Михайло тоже отказался.
Каргопольский налил себе. Понюхав хорошо настоявшуюся на рябине водку и прихлебнув сначала, он стал ее пить глотками.
Старуха, пригорюнясь, смотрела, как не спеша опорожнял Каргопольский чарку.
— Пуста? — спросила она, когда Каргопольский поставил чарку на стол.
— Пуста.
— Ох.
Каргопольский кивнул Михайле на блюдо с шаньгами, сам взял одну, надломил ее и закусил краешком.
— Ну — огонь глотает! И ничего! Ох! А ведь человек-то какой! Все остальное для него — возьми да брось. Просто тьфу! А зелье свое настаивает, бережет. Ежели траву ему не ту принесешь, заругает. Мы-то здесь разве это зелье проклятущее на чем настаиваем? Нет. И заведения такого нету. А ему — вон видишь.
— Непростое дело. Вот мы говорим: водка. А французы называют: жизненная вода. Да и не одни французы.

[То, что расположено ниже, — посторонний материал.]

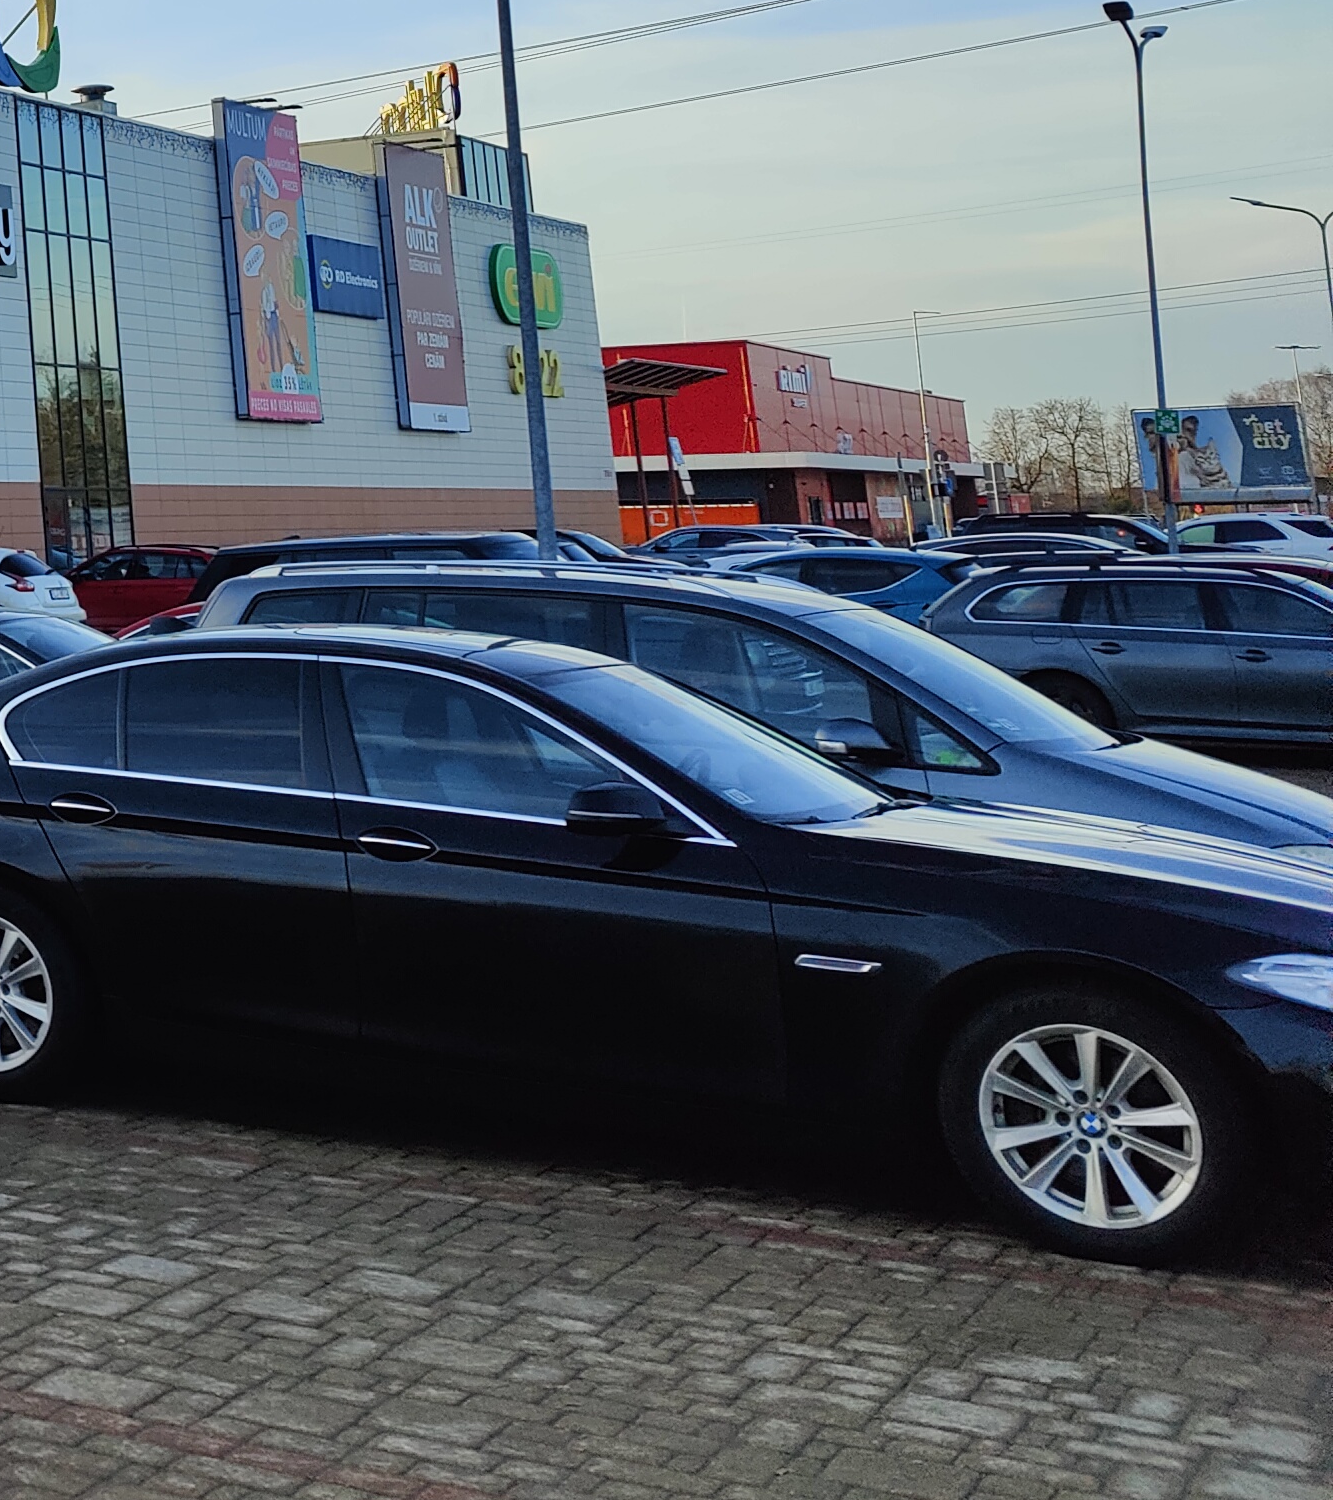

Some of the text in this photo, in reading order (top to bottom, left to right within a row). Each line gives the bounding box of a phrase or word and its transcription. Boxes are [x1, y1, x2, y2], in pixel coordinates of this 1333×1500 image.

— Не одни. Скажи, пожалуйста.
— Ты, бабка, думаешь, что водку так всегда и знали? Нет.
— Как же обходились?
— А у тебя вон на носу бородавка. Она у тебя всегда и росла? И без нее, видно, обходилась? Или так с бородавкой муж и взял?
Бабка засопела от злости. Каргопольский взял в руку скляницу, поднял ее, разглядел на свет и, довольный, поставил опять на стол.
— L‘eau de vie, — французы говорят. А по-латыни это будет: aqua vitae. Запоминай, Ломоносов, запоминай. Ведь латыни учиться хочешь. Вот и начинай.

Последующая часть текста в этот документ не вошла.